The SEC is to embark on a “return to normalcy,” according to the agency’s Acting Chair Mark Uyeda. Speaking at the Florida Bar’s 41st Annual Federal Securities Institute and M&A Conference in Tampa, FL, Uyeda called the agency’s leadership in the Biden years “a stark aberration from longstanding norms as what the Commission has historically viewed its legal authority, policy priorities and use of enforcement.”
His remarks offered some insight into how he – and presumably the SEC as an agency – will view issues from shareholder proposals and capital-raising by entrepreneurs to retail investor access to private companies.
Uyeda reminded us that the SEC has already rescinded Staff Legal Bulletin No. 14L and Staff Accounting Bulletin No. 121, which had effectively prevented banks and broker-dealers from taking custody of crypto assets.
And he noted how he has designated Commissioner Hester Peirce to lead a crypto task force that will seek to develop a comprehensive regulatory framework to provide realistic paths to registration and to craft sensible disclosure frameworks.
Climate
His speech contained hints that there is another SEC mandate he is considering – the SEC’s climate-related disclosure rule. It is currently being challenged in the US Court of Appeals for the Eighth Circuit, and Uyeda said he’s begun the process to allow the agency to consider the appropriate next steps for the litigation.
“During the adoption of that rule, I expressed my concerns regarding the Commission’s lack of statutory authority, shortcomings in the rulemaking process, and the potential harm that the rule could inflict on our capital markets and economy,” he said.
Finally, he said the Consolidated Audit Trail (CAT) and the personally identifiable information (PII) being collected by it needed prompt addressing, and the SEC has already exempted certain of that PII from CAT to address the cybersecurity concerns raised by some market participants and others.
He reminded his audience that the agency’s enforcements were far from over, and he interestingly chose three areas about which to say “we are still bringing charges here”: Insider trading, inflating financial performance, and breaches of fiduciary duty by investment advisers.
Access to capital
Uyeda lamented the fact that although there are SEC rules available to entrepreneurs to raise capital without registration, 77% of small business owners reported being concerned about their ability to access capital.”
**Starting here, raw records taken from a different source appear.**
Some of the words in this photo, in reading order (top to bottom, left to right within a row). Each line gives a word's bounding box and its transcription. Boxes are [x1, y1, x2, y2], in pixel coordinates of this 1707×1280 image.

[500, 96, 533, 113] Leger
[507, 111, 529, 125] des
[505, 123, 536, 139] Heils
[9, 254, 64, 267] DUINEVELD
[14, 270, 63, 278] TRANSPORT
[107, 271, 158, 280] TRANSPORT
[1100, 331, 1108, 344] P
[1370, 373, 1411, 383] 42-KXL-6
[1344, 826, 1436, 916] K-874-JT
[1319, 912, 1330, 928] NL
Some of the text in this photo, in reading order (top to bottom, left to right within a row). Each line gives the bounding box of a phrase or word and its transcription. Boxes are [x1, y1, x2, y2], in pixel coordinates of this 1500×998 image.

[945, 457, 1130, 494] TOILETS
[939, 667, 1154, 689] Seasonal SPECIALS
He said that to ensure entrepreneurs have access to the capital needed to fund their ideas and grow their startups, he has requested SEC staff to begin the process of exploring ways to implement the recommendations of the Commission’s own Office of the Advocate for Small Business Capital Formation. They involve targeted regulatory changes to the exempt offerings regime to lower legal, compliance and transaction-related costs – while also providing investor protections.
Uyeda addressed the topic of non-accredited investors having some access to investments in private companies. Qualifying as an accredited investor can serve as a gateway for individuals to invest in them, but the current income and net worth thresholds for an individual to qualify as an accredited investor often impede this opportunity. Uyeda believes those income and net worth thresholds should be revisited.
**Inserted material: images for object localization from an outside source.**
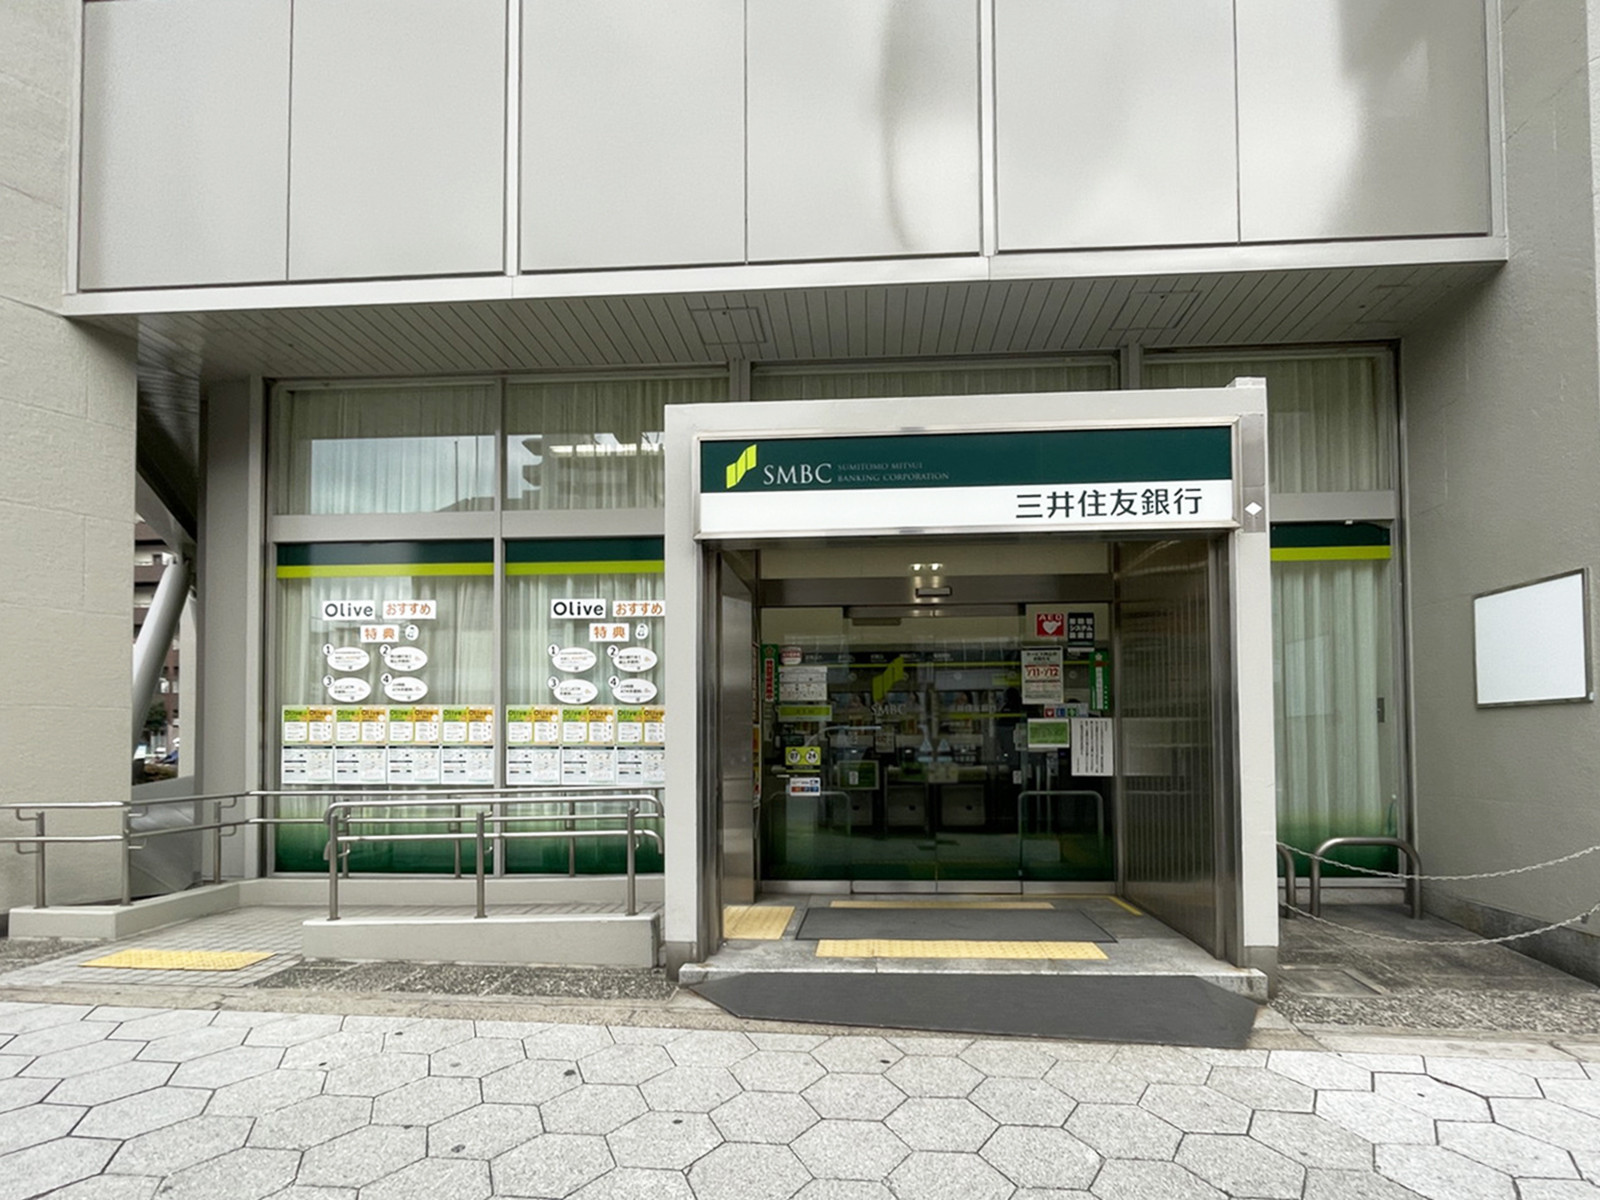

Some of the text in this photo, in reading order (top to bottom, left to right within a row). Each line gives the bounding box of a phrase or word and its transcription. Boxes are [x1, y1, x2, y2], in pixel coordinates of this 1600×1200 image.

[837, 461, 923, 471] SUMITOMO MITSUI
[763, 463, 832, 486] SMBC
[837, 472, 950, 482] BANKING CORPORATION
[1016, 487, 1203, 519] 三井住友銀行
[325, 603, 373, 618] Olive
[386, 603, 432, 616] おすすめ
[553, 601, 604, 616] Olive
[615, 603, 663, 615] おすすめ
[364, 628, 395, 640] 特典
[593, 626, 626, 639] 特典
[871, 702, 907, 715] SMBC
In particular, he would like to see those investors purchasing private company shares through pooled investment vehicles to have greater access – so some exposure to private offerings is permitted to non-accredited investors.
IPOs used to be sexy
Uyeda rhetorically asked this: Without attractive opportunities for an emerging growth company (EGC) to sell itself or become publicly traded, what incentive does a venture fund have to make an investment in it?
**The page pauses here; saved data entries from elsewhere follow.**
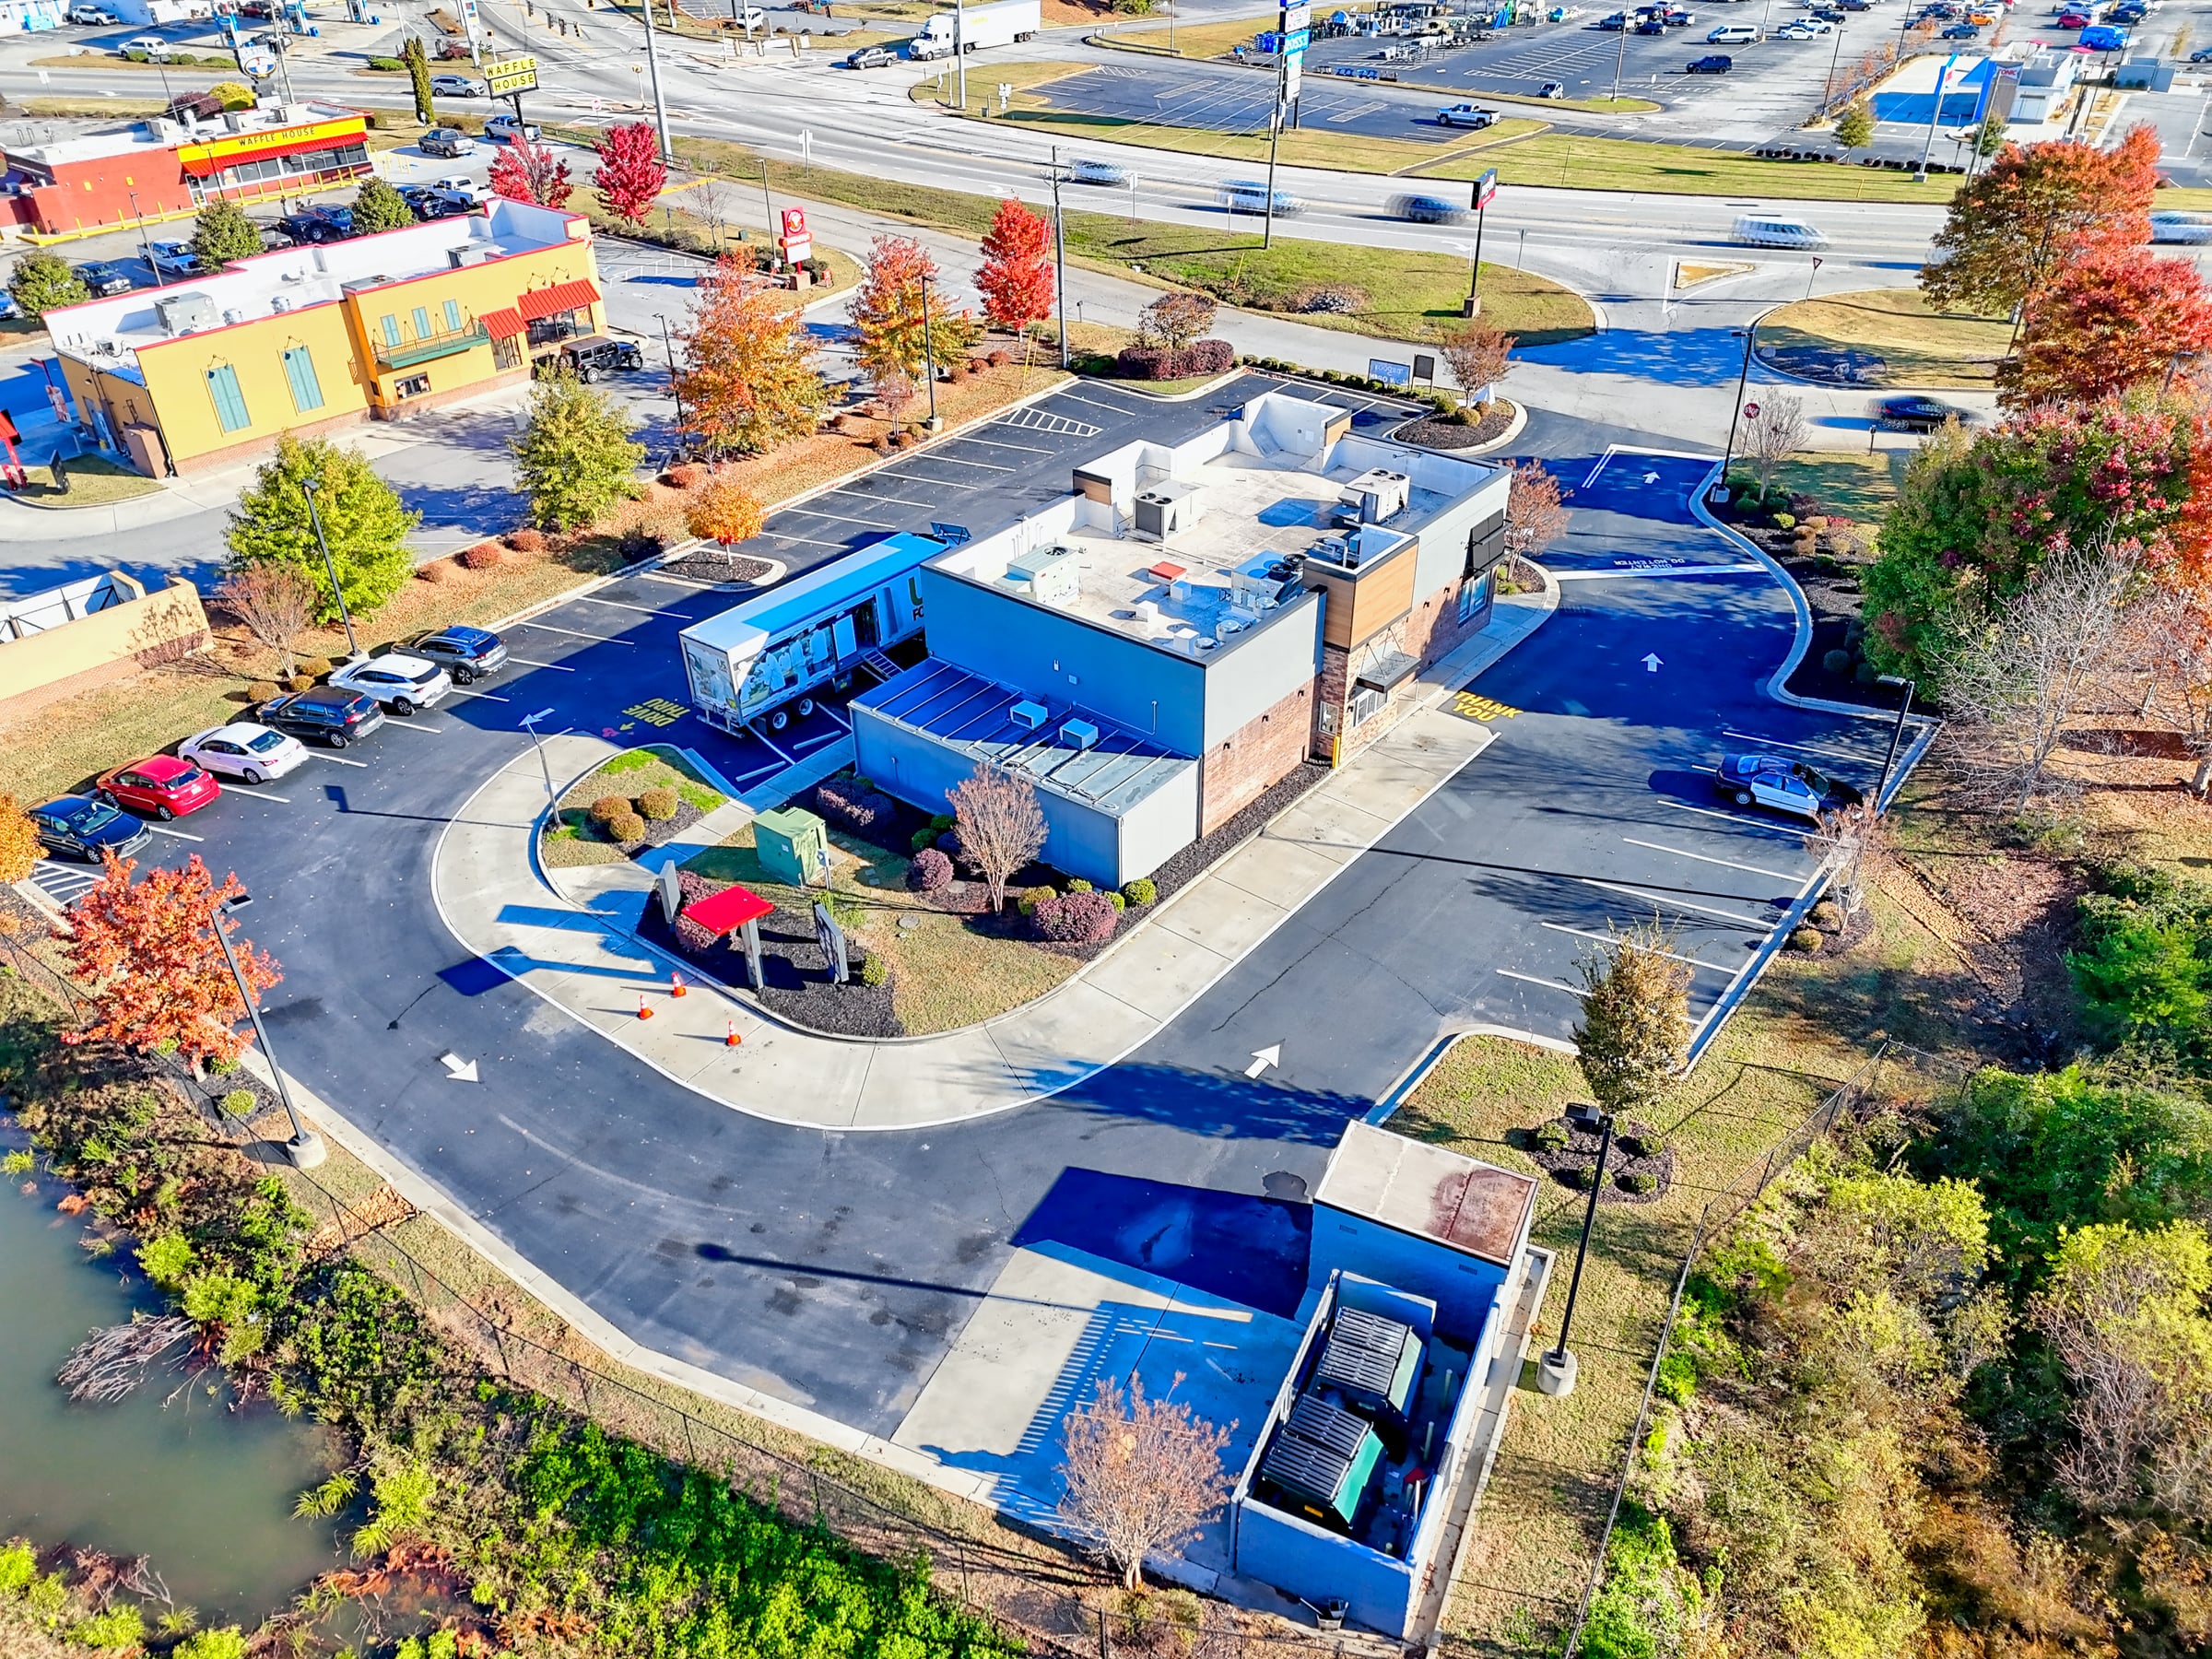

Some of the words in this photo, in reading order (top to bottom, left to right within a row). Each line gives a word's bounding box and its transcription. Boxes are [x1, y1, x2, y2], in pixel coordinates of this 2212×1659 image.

[487, 58, 535, 77] WAFFLE
[494, 74, 535, 91] HOUSE
[239, 133, 276, 147] WAFFLE
[282, 126, 315, 139] HOUSE
[1745, 406, 1759, 416] STOP
[642, 698, 691, 719] THRU
[1453, 690, 1524, 719] THANK
[1453, 701, 1498, 722] YOU
[621, 705, 676, 727] DRIVE
He said that tailoring the SEC’s wide-reaching disclosure requirements for newly public companies may, on the margin, incentivize more companies to go public. “In turn, venture funds may see more attractive exit opportunities for their investments and decide to provide funding. This funding would then enable companies to execute their business plan, create jobs and contribute to economic growth.”
He said he has asked the Commission staff to review the EGC definition and recommend potential changes, “including how a company qualifies and the duration for which it retains the status.”
Less is more – disclosure
The SEC introduced scaled disclosure based on a company’s size in 1992, Uyeda pointed out. But its “current rules with respect to filer categories and associated disclosure obligations are needlessly complex and do not provide sufficient scaled disclosure benefits,” he said.
As an example, a company with a $250m public float is subject to the same disclosure requirements as a company with a $250 billion public float, he said. This is because the Commission has not changed its thresholds for a company to qualify as a large accelerated filer or accelerated filer since they were established in 2005.
Depending on a company’s public float and revenue, it can qualify as both a smaller reporting company and either an accelerated filer or a non-accelerated filer.
“This distinction has real-world cost implications as non-accelerated filers do not need to provide an auditor attestation of the company’s evaluation of its internal control over financial reporting,” Uyeda said. The Commission should be considering whether to re-align its filer categories to reflect the size and makeup of public companies today, he recommended.
“Following any potential re-alignment, the Commission should also review its disclosure requirements and identify rules that should apply only to the largest companies,” he said.